Items from a data source
-=-=-=-=-

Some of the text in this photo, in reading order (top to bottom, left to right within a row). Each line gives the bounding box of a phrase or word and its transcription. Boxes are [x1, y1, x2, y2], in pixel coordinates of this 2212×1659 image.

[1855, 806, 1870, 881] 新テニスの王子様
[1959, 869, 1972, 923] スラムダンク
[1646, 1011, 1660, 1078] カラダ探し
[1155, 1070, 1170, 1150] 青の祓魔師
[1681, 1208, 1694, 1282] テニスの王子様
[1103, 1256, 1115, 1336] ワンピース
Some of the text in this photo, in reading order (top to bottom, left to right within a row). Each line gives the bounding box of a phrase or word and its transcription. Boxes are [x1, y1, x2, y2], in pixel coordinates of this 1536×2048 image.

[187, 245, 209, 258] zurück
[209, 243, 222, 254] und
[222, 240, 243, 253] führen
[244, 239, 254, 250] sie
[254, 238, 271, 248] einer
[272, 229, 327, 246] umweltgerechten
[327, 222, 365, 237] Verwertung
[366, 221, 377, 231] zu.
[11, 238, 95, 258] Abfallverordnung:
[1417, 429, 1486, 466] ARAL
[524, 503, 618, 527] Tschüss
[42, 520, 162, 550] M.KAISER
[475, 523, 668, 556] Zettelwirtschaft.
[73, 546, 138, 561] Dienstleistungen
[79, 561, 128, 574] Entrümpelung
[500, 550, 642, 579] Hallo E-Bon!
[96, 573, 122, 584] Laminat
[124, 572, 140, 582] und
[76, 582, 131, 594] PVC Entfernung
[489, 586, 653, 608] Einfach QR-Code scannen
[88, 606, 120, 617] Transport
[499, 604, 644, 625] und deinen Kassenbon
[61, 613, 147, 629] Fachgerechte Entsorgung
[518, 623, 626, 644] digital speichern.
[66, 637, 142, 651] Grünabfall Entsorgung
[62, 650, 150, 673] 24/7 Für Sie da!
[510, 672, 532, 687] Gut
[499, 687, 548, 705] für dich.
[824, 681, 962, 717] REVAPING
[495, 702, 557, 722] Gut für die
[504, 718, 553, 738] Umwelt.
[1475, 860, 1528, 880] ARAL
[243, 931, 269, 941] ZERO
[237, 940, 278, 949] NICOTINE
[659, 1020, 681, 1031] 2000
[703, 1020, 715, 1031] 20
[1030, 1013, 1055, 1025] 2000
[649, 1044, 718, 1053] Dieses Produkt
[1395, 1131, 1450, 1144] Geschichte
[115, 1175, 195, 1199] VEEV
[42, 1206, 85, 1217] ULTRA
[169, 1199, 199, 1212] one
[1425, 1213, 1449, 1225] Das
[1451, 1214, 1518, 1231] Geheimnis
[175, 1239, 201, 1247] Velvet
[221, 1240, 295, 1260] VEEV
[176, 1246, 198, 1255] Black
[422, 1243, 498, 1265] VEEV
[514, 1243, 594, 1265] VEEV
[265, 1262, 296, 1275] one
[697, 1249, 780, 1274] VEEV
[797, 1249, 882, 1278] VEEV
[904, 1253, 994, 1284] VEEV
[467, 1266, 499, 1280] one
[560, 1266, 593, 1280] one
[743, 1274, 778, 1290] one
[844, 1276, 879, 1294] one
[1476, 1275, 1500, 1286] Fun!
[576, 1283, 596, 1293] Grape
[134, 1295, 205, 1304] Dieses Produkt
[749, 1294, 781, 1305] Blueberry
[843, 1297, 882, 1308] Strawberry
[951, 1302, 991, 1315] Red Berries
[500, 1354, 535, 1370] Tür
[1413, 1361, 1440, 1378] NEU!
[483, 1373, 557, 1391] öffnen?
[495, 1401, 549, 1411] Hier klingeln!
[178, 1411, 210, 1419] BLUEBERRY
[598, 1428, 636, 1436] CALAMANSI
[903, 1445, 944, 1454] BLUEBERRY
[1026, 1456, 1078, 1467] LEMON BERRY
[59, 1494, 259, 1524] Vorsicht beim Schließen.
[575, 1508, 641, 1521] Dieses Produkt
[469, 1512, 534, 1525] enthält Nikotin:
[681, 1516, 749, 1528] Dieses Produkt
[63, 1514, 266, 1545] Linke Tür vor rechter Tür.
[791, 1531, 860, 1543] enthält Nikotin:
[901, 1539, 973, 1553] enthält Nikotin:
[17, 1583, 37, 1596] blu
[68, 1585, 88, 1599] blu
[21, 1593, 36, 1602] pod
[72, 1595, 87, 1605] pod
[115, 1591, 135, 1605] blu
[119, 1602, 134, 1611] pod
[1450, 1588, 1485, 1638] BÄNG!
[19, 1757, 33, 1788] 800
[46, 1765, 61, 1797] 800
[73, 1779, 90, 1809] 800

-=-=-=-=-

#### WHAT TO DO:
This exercise calls for every record to be restated word for word.

#### EXERCISE ANSWER:
Some of the text in this photo, in reading order (top to bottom, left to right within a row). Each line gives the bounding box of a phrase or word and its transcription. Boxes are [x1, y1, x2, y2], in pixel coordinates of this 2212×1659 image.

[1855, 806, 1870, 881] 新テニスの王子様
[1959, 869, 1972, 923] スラムダンク
[1646, 1011, 1660, 1078] カラダ探し
[1155, 1070, 1170, 1150] 青の祓魔師
[1681, 1208, 1694, 1282] テニスの王子様
[1103, 1256, 1115, 1336] ワンピース
Some of the text in this photo, in reading order (top to bottom, left to right within a row). Each line gives the bounding box of a phrase or word and its transcription. Boxes are [x1, y1, x2, y2], in pixel coordinates of this 1536×2048 image.

[187, 245, 209, 258] zurück
[209, 243, 222, 254] und
[222, 240, 243, 253] führen
[244, 239, 254, 250] sie
[254, 238, 271, 248] einer
[272, 229, 327, 246] umweltgerechten
[327, 222, 365, 237] Verwertung
[366, 221, 377, 231] zu.
[11, 238, 95, 258] Abfallverordnung:
[1417, 429, 1486, 466] ARAL
[524, 503, 618, 527] Tschüss
[42, 520, 162, 550] M.KAISER
[475, 523, 668, 556] Zettelwirtschaft.
[73, 546, 138, 561] Dienstleistungen
[79, 561, 128, 574] Entrümpelung
[500, 550, 642, 579] Hallo E-Bon!
[96, 573, 122, 584] Laminat
[124, 572, 140, 582] und
[76, 582, 131, 594] PVC Entfernung
[489, 586, 653, 608] Einfach QR-Code scannen
[88, 606, 120, 617] Transport
[499, 604, 644, 625] und deinen Kassenbon
[61, 613, 147, 629] Fachgerechte Entsorgung
[518, 623, 626, 644] digital speichern.
[66, 637, 142, 651] Grünabfall Entsorgung
[62, 650, 150, 673] 24/7 Für Sie da!
[510, 672, 532, 687] Gut
[499, 687, 548, 705] für dich.
[824, 681, 962, 717] REVAPING
[495, 702, 557, 722] Gut für die
[504, 718, 553, 738] Umwelt.
[1475, 860, 1528, 880] ARAL
[243, 931, 269, 941] ZERO
[237, 940, 278, 949] NICOTINE
[659, 1020, 681, 1031] 2000
[703, 1020, 715, 1031] 20
[1030, 1013, 1055, 1025] 2000
[649, 1044, 718, 1053] Dieses Produkt
[1395, 1131, 1450, 1144] Geschichte
[115, 1175, 195, 1199] VEEV
[42, 1206, 85, 1217] ULTRA
[169, 1199, 199, 1212] one
[1425, 1213, 1449, 1225] Das
[1451, 1214, 1518, 1231] Geheimnis
[175, 1239, 201, 1247] Velvet
[221, 1240, 295, 1260] VEEV
[176, 1246, 198, 1255] Black
[422, 1243, 498, 1265] VEEV
[514, 1243, 594, 1265] VEEV
[265, 1262, 296, 1275] one
[697, 1249, 780, 1274] VEEV
[797, 1249, 882, 1278] VEEV
[904, 1253, 994, 1284] VEEV
[467, 1266, 499, 1280] one
[560, 1266, 593, 1280] one
[743, 1274, 778, 1290] one
[844, 1276, 879, 1294] one
[1476, 1275, 1500, 1286] Fun!
[576, 1283, 596, 1293] Grape
[134, 1295, 205, 1304] Dieses Produkt
[749, 1294, 781, 1305] Blueberry
[843, 1297, 882, 1308] Strawberry
[951, 1302, 991, 1315] Red Berries
[500, 1354, 535, 1370] Tür
[1413, 1361, 1440, 1378] NEU!
[483, 1373, 557, 1391] öffnen?
[495, 1401, 549, 1411] Hier klingeln!
[178, 1411, 210, 1419] BLUEBERRY
[598, 1428, 636, 1436] CALAMANSI
[903, 1445, 944, 1454] BLUEBERRY
[1026, 1456, 1078, 1467] LEMON BERRY
[59, 1494, 259, 1524] Vorsicht beim Schließen.
[575, 1508, 641, 1521] Dieses Produkt
[469, 1512, 534, 1525] enthält Nikotin:
[681, 1516, 749, 1528] Dieses Produkt
[63, 1514, 266, 1545] Linke Tür vor rechter Tür.
[791, 1531, 860, 1543] enthält Nikotin:
[901, 1539, 973, 1553] enthält Nikotin:
[17, 1583, 37, 1596] blu
[68, 1585, 88, 1599] blu
[21, 1593, 36, 1602] pod
[72, 1595, 87, 1605] pod
[115, 1591, 135, 1605] blu
[119, 1602, 134, 1611] pod
[1450, 1588, 1485, 1638] BÄNG!
[19, 1757, 33, 1788] 800
[46, 1765, 61, 1797] 800
[73, 1779, 90, 1809] 800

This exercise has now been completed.